■ Text-to-region grounding data
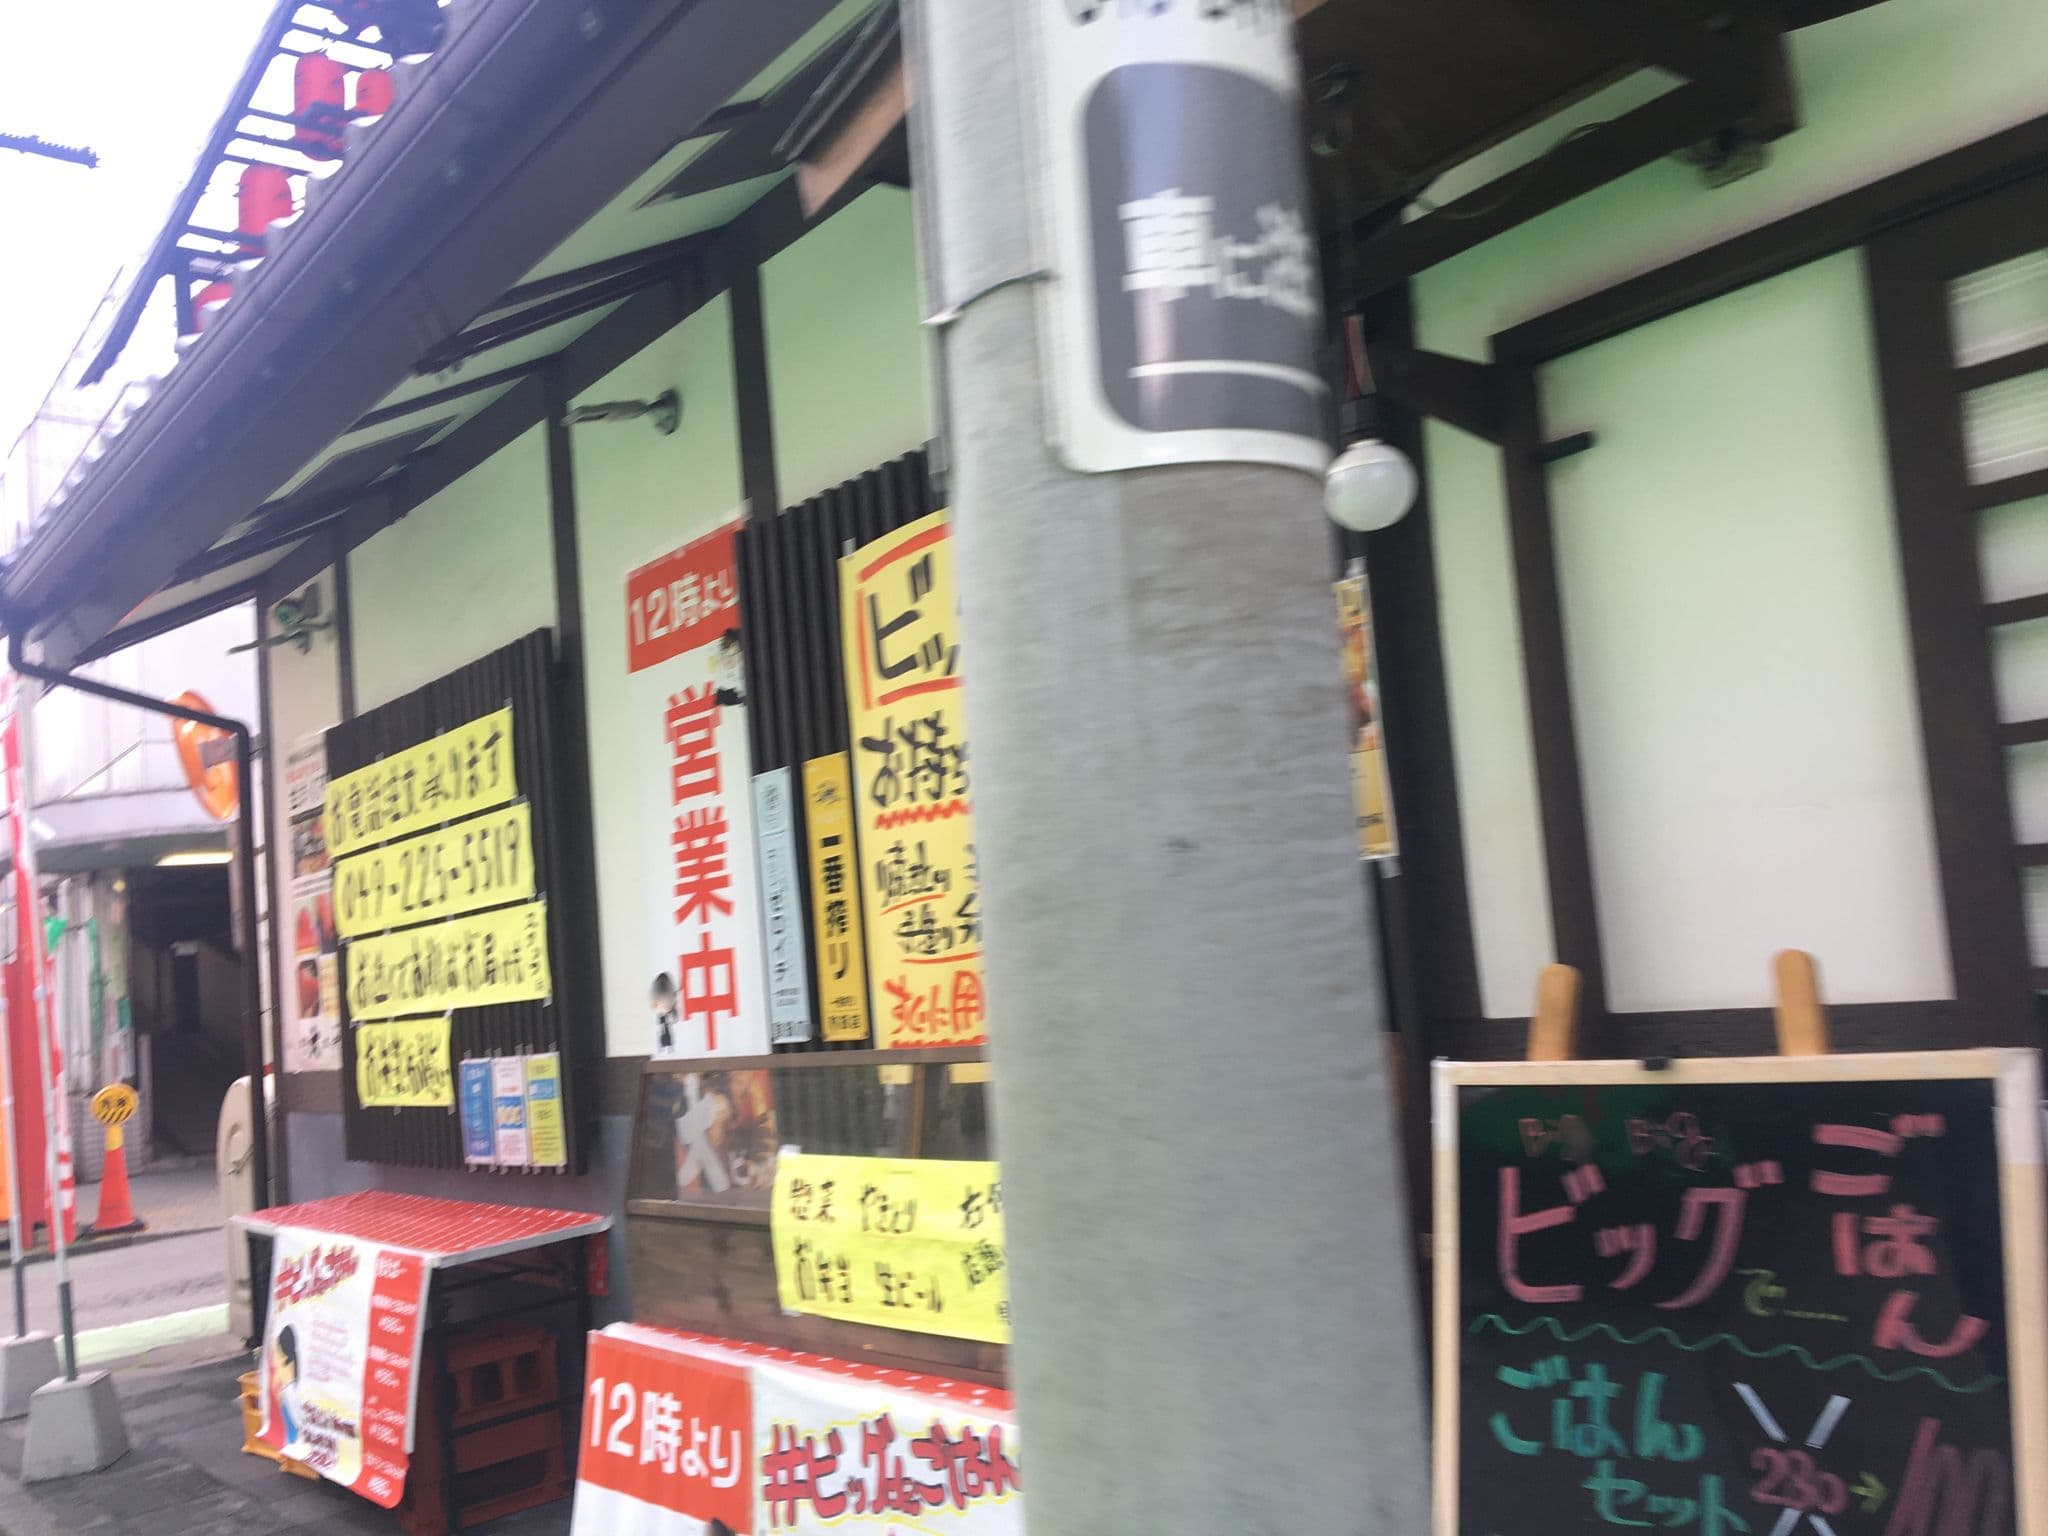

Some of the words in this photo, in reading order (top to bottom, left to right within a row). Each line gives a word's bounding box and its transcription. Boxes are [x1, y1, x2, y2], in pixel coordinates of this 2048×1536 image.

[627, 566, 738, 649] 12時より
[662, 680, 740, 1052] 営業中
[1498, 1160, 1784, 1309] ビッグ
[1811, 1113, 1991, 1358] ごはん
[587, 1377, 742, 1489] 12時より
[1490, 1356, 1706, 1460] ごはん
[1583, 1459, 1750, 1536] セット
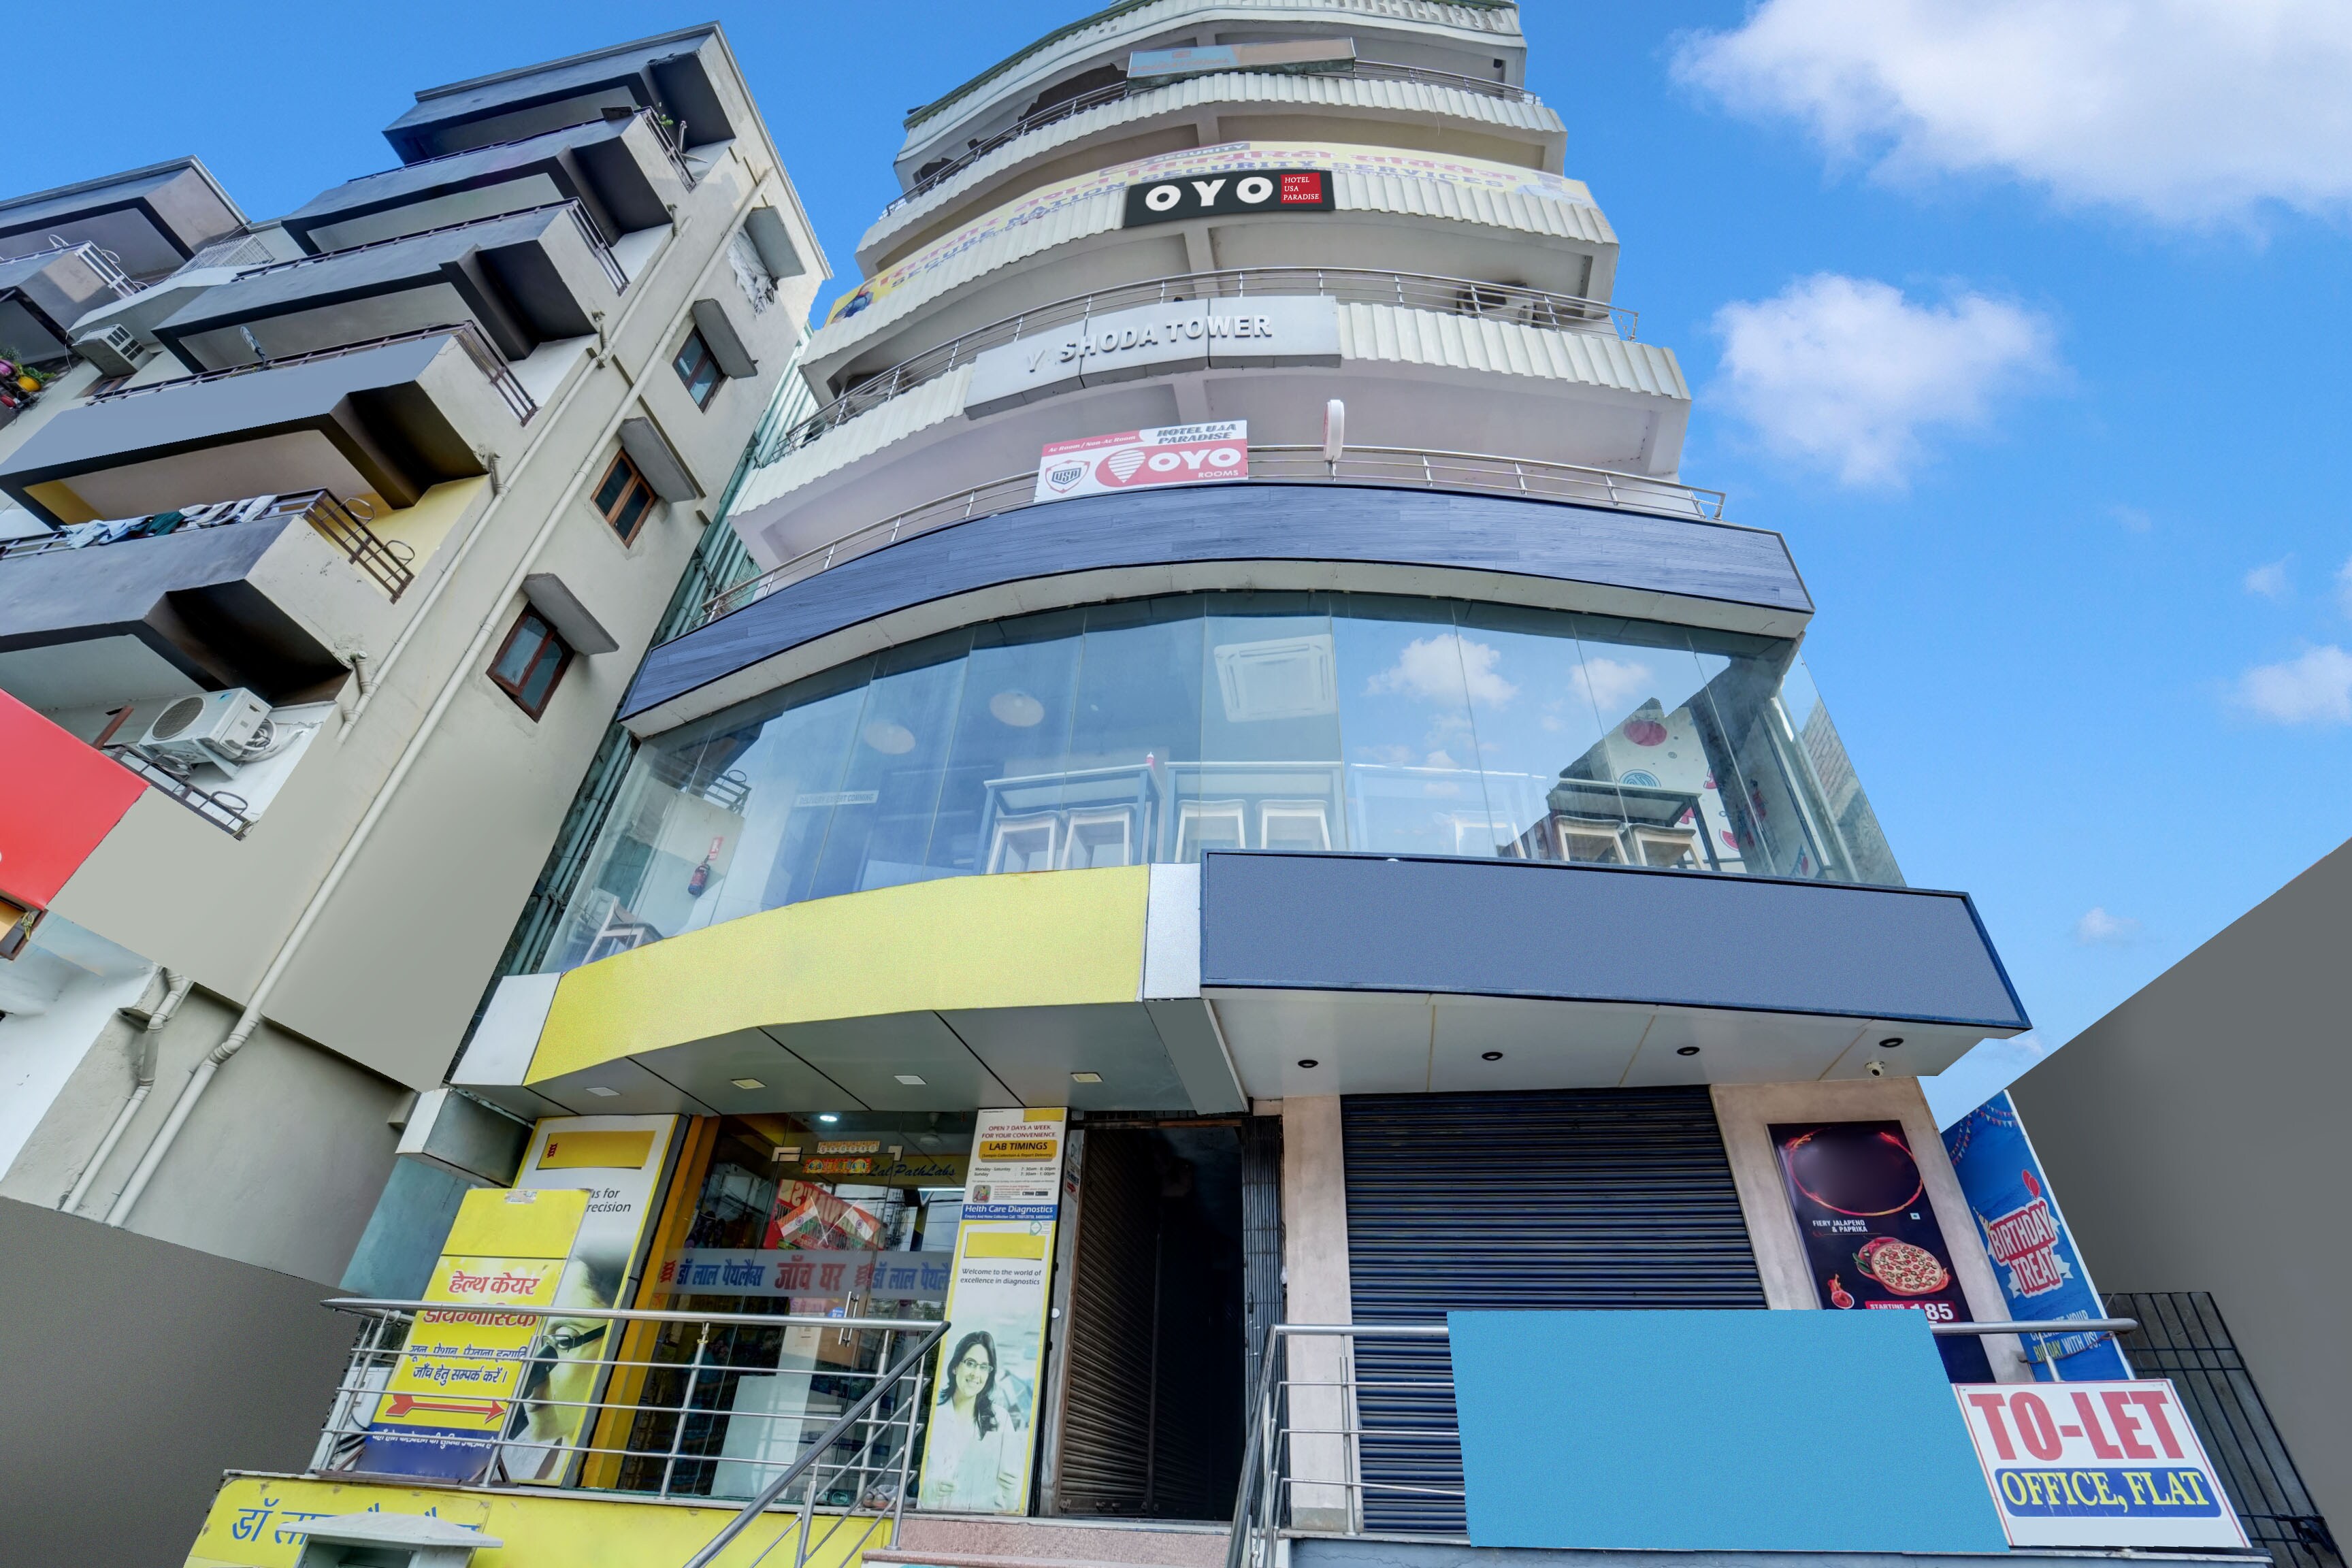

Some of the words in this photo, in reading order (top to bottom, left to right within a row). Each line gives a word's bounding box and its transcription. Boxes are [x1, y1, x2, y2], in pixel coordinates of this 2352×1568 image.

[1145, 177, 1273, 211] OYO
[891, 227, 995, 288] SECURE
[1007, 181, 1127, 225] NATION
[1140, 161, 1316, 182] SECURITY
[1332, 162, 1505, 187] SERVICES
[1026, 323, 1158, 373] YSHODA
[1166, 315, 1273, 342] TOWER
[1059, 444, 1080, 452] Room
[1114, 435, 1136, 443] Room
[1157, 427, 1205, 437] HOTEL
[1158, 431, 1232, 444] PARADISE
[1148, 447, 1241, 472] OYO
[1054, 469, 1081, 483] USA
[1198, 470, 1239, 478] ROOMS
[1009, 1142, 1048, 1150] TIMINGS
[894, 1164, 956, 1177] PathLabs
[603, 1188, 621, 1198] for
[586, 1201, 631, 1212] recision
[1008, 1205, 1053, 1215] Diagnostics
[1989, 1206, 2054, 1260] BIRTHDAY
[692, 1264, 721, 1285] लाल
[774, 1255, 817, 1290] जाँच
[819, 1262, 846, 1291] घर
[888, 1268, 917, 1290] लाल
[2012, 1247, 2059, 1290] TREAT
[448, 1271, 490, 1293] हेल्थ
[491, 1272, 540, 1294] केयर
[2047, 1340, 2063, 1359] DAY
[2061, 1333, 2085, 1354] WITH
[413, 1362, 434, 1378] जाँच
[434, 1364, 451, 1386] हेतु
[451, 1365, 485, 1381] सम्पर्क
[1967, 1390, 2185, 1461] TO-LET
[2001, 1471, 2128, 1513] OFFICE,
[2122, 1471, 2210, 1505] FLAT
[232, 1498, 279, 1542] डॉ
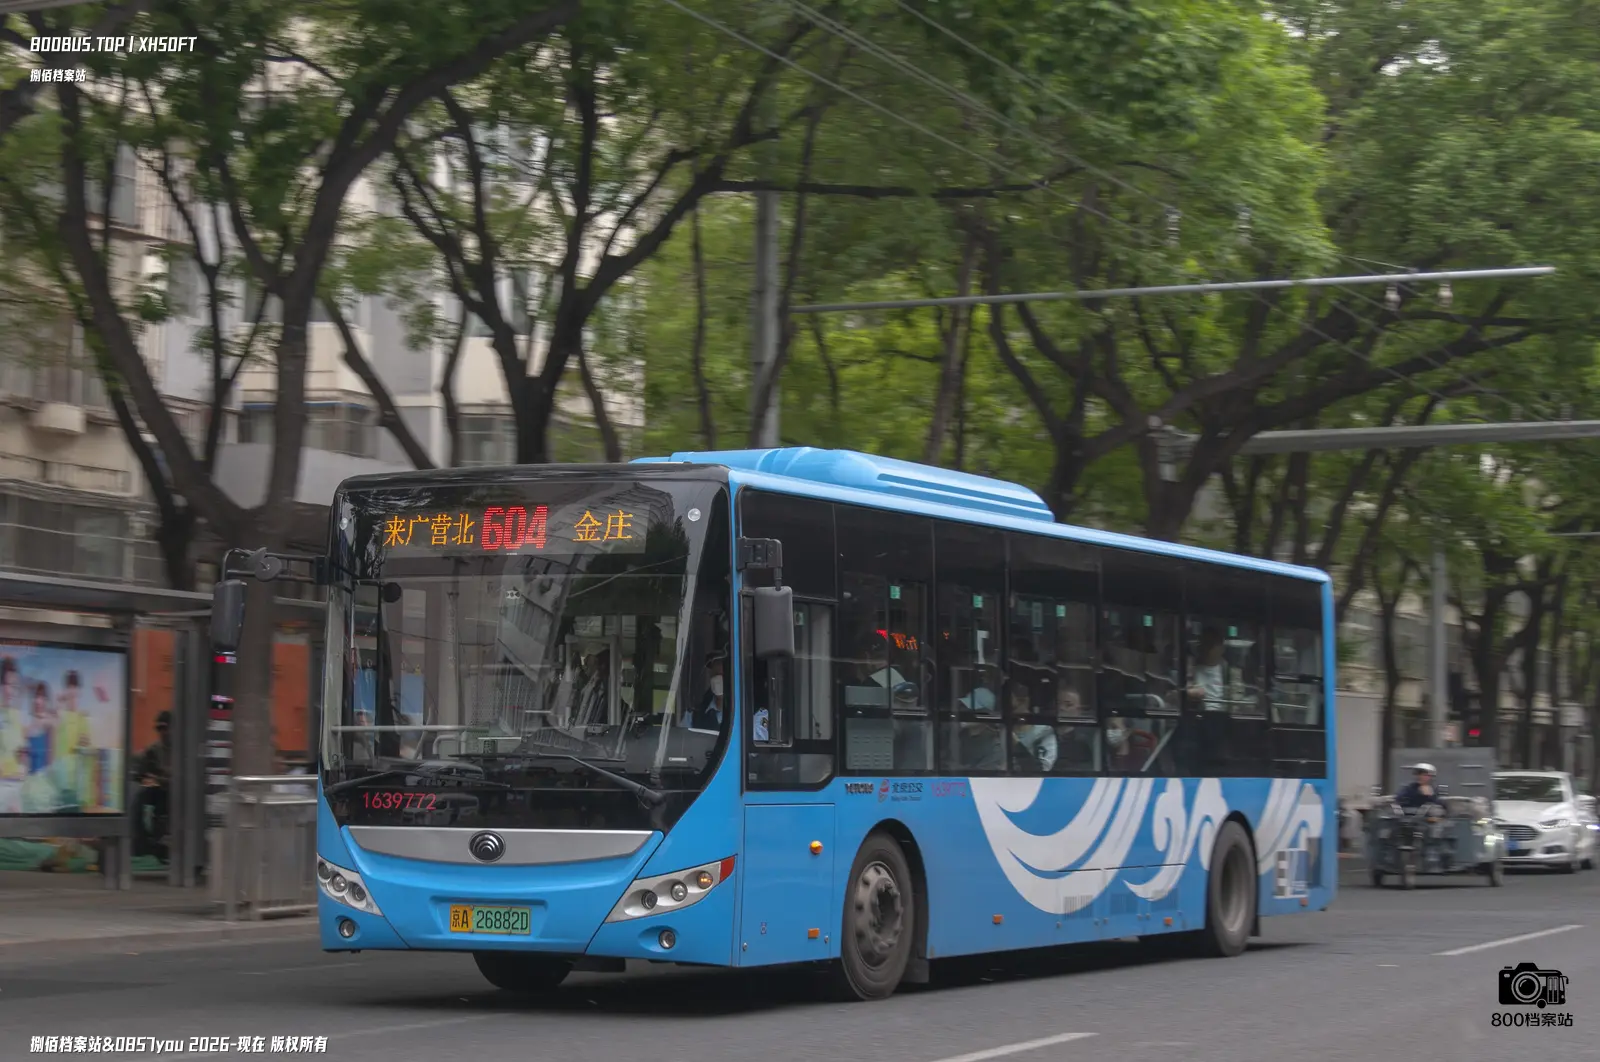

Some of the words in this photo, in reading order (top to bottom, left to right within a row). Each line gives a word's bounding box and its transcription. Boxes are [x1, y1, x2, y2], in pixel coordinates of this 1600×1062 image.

■ Exercise brief
Please write out all of the data verbatim, with no pictures in the copy.

■ Result below
Some of the words in this photo, in reading order (top to bottom, left to right within a row). Each line gives a word's bounding box and its transcription. Boxes are [x1, y1, x2, y2], in pixel coordinates of this 2048×1536 image.

[627, 566, 738, 649] 12時より
[662, 680, 740, 1052] 営業中
[1498, 1160, 1784, 1309] ビッグ
[1811, 1113, 1991, 1358] ごはん
[587, 1377, 742, 1489] 12時より
[1490, 1356, 1706, 1460] ごはん
[1583, 1459, 1750, 1536] セット

Some of the words in this photo, in reading order (top to bottom, left to right within a row). Each line gives a word's bounding box and its transcription. Boxes are [x1, y1, x2, y2], in pixel coordinates of this 2352×1568 image.

[1145, 177, 1273, 211] OYO
[891, 227, 995, 288] SECURE
[1007, 181, 1127, 225] NATION
[1140, 161, 1316, 182] SECURITY
[1332, 162, 1505, 187] SERVICES
[1026, 323, 1158, 373] YSHODA
[1166, 315, 1273, 342] TOWER
[1059, 444, 1080, 452] Room
[1114, 435, 1136, 443] Room
[1157, 427, 1205, 437] HOTEL
[1158, 431, 1232, 444] PARADISE
[1148, 447, 1241, 472] OYO
[1054, 469, 1081, 483] USA
[1198, 470, 1239, 478] ROOMS
[1009, 1142, 1048, 1150] TIMINGS
[894, 1164, 956, 1177] PathLabs
[603, 1188, 621, 1198] for
[586, 1201, 631, 1212] recision
[1008, 1205, 1053, 1215] Diagnostics
[1989, 1206, 2054, 1260] BIRTHDAY
[692, 1264, 721, 1285] लाल
[774, 1255, 817, 1290] जाँच
[819, 1262, 846, 1291] घर
[888, 1268, 917, 1290] लाल
[2012, 1247, 2059, 1290] TREAT
[448, 1271, 490, 1293] हेल्थ
[491, 1272, 540, 1294] केयर
[2047, 1340, 2063, 1359] DAY
[2061, 1333, 2085, 1354] WITH
[413, 1362, 434, 1378] जाँच
[434, 1364, 451, 1386] हेतु
[451, 1365, 485, 1381] सम्पर्क
[1967, 1390, 2185, 1461] TO-LET
[2001, 1471, 2128, 1513] OFFICE,
[2122, 1471, 2210, 1505] FLAT
[232, 1498, 279, 1542] डॉ

Some of the words in this photo, in reading order (top to bottom, left to right within a row). Each line gives a word's bounding box and its transcription. Boxes are [x1, y1, x2, y2], in pixel coordinates of this 1600×1062 image.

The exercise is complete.